Shortly after The Tommy Dorsey Orchestra began performing publicly in 1939, then-unknown singer Frank Sinatra was brought on board. The singer remained active with the band for only a year, however: finances during this period were tight, and when a more lucrative offer was given to Sinatra by Tommy Dorsey, James let him out of his contract so he could pursue it. Despite this defection, the orchestra achieved considerable popularity throughout the early 40s, in part aided by appearances in feature films such as Best Foot Forward and I'll Get By.
In 1943 James married Betty Grable, the top pin-up model in the country. Not a bad personal development, but his musical fortunes were not moving along such positive lines, and in 1946 he dissolved the orchestra. This retirement proved to be short-lived, however, and he continued performing on and off (particularly in Las Vegas) until nine days before his death in 1983. (Continue Reading...)
There clearly is more to the story than that. Tom Nolan's review in
January Magazine of Peter Levinson's biography of James, which was published in 1999, starts filling in some of the blanks:
For many jazz fans, trumpet player Harry James was at best superfluous and at worst a sellout: a musician of formidable technique who abandoned the fiery style that made him a star of the Benny Goodman Orchestra in the late 1930s, only to adopt a much more schmaltzy, flashy, commercial manner that led to a remarkable number of hit records throughout the 40s.
To dance music lovers, James was the leader for three decades of a consistently satisfying big band whose earliest incarnation gave Frank Sinatra his start and whose 1950s version found its most lucrative gigs at the casino hotels in Vegas and at Tahoe.
But most of America knew Harry James simply as the husband of movie star Betty Grable, the blonde pinup who caused World War II G.I.s to croon, "I want a gal, just like the gal, who married Harry James..."

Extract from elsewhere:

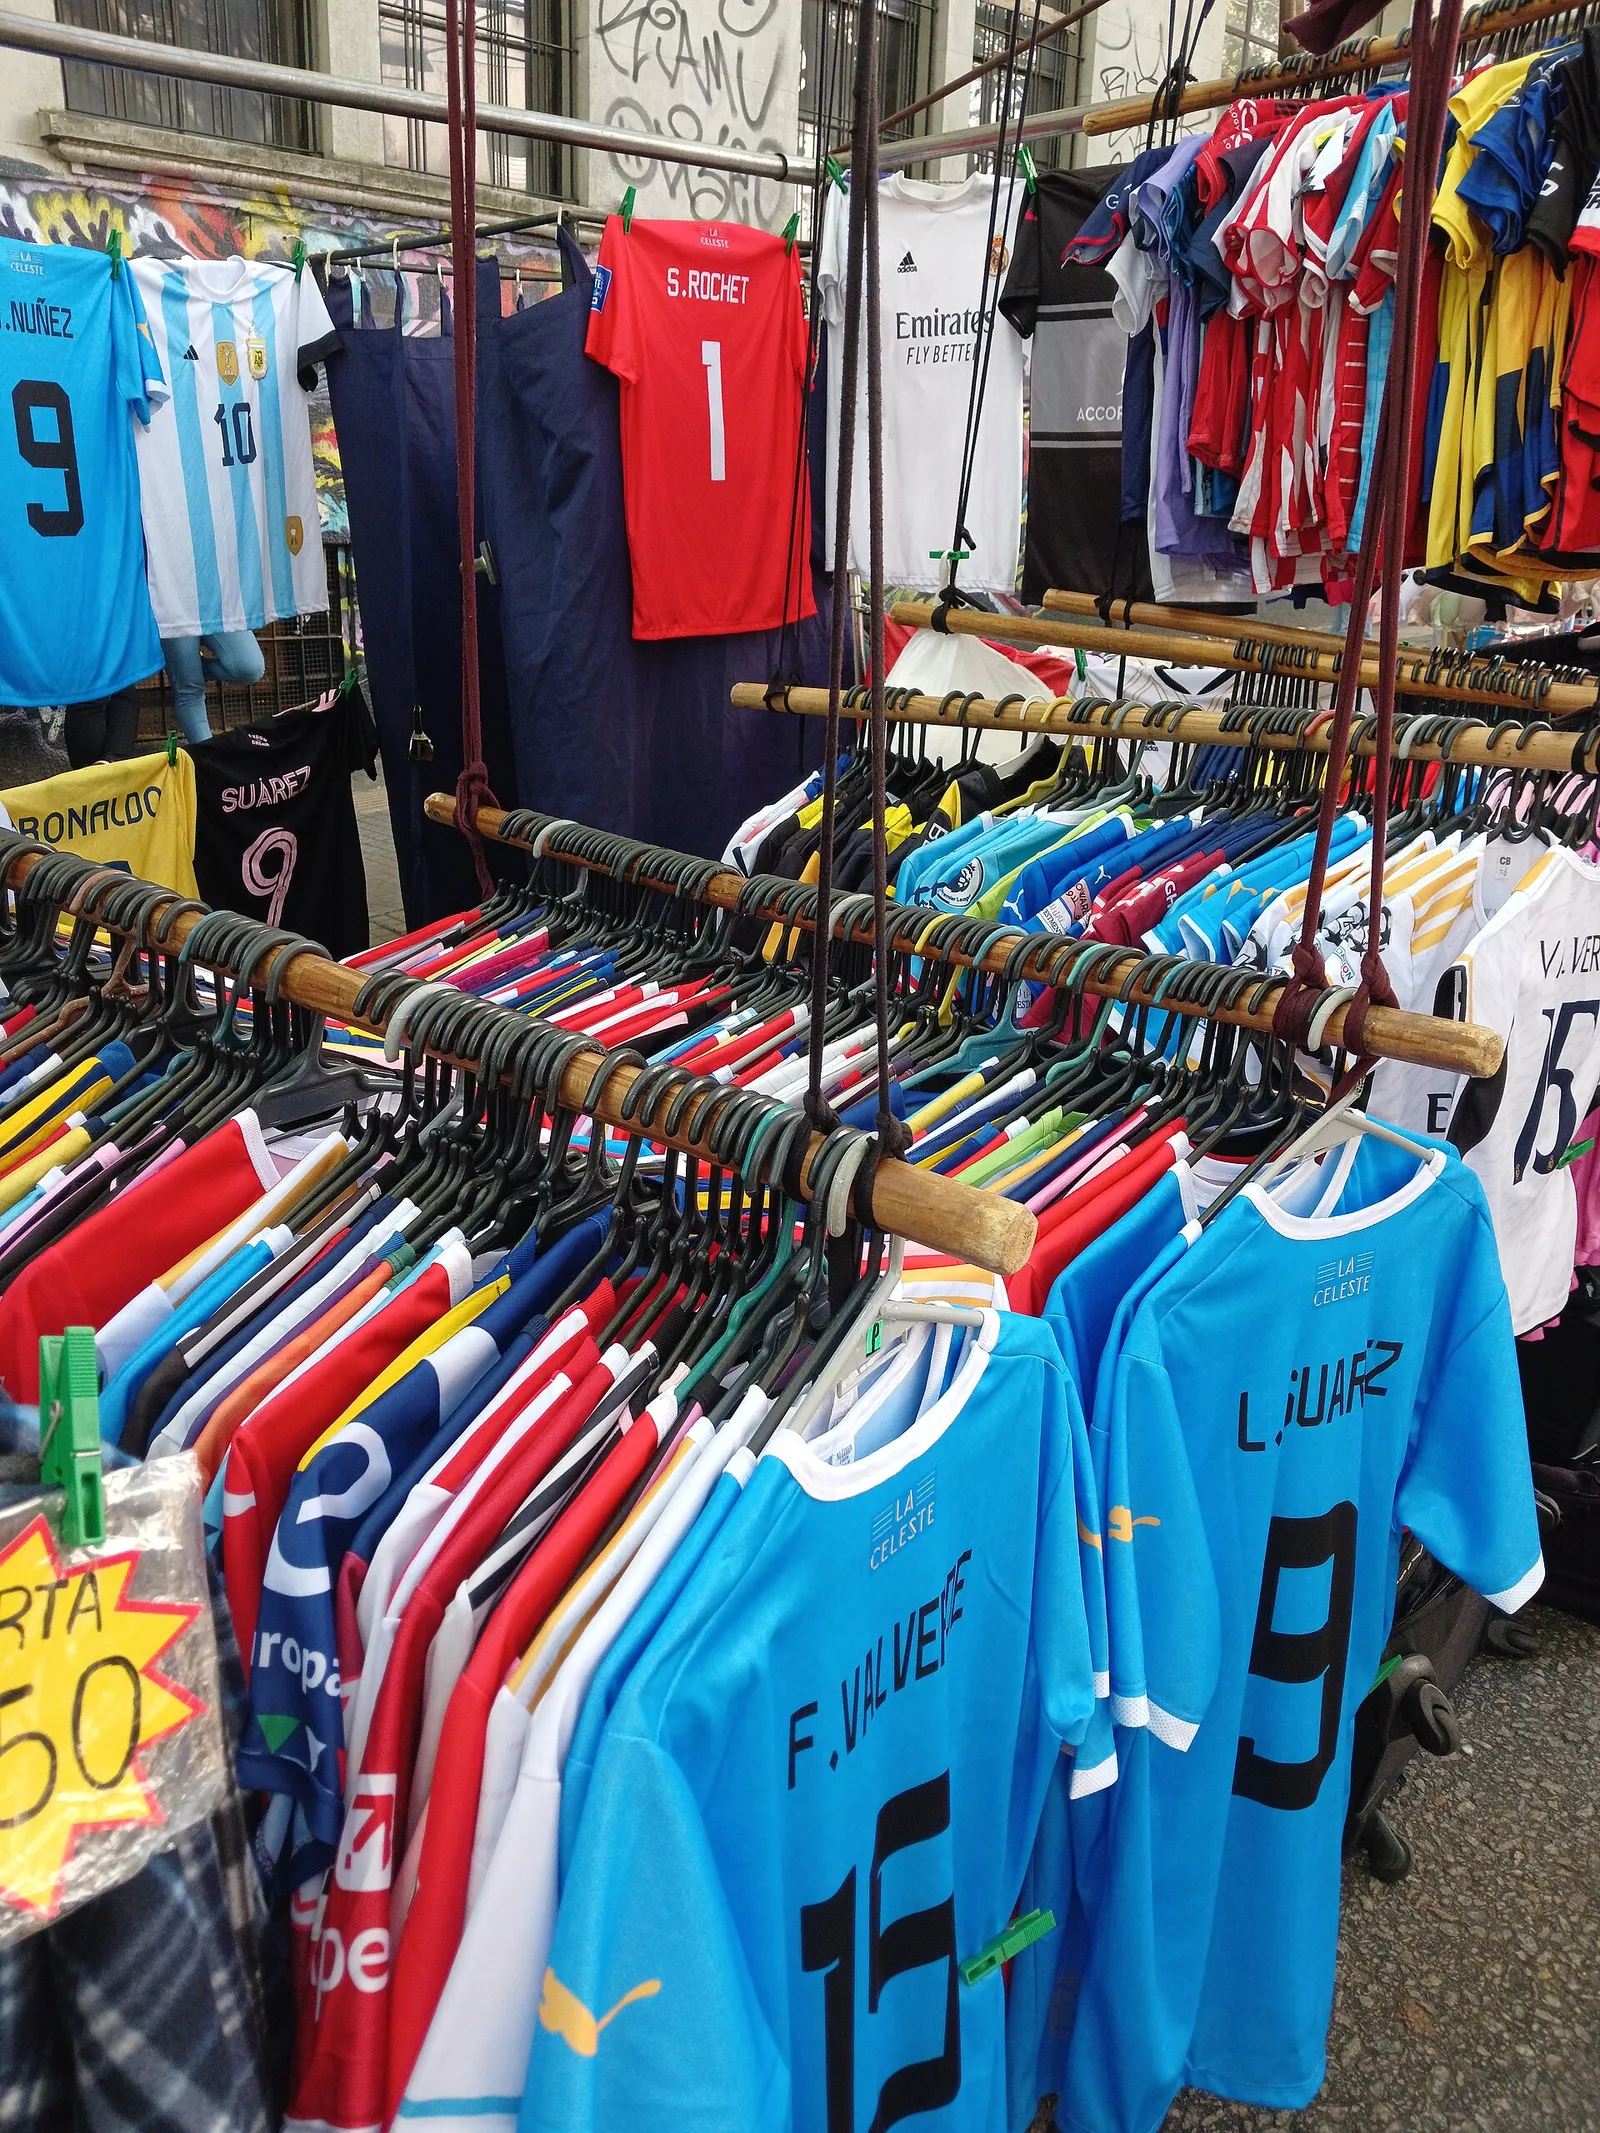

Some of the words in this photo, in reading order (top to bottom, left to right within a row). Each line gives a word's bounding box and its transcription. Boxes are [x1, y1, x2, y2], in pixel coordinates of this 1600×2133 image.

None of these versions of James would necessarily warrant publishing a major biography at century's end; but Peter J. Levinson, a longtime music publicist and first-time author, has produced one in Trumpet Blues. And in putting together all the Harry Jameses -- jazz player, big-band leader, celebrity husband (as well as promiscuous womanizer, unrecovered alcoholic and ruinous gambler) -- he's not only made James a much more interesting figure than might have been imagined, but written one of the most engrossing and compelling jazz biographies in many years. (Continue Reading...)
Above is
Don't Be That Way and below is Yo
u Made Me Love You.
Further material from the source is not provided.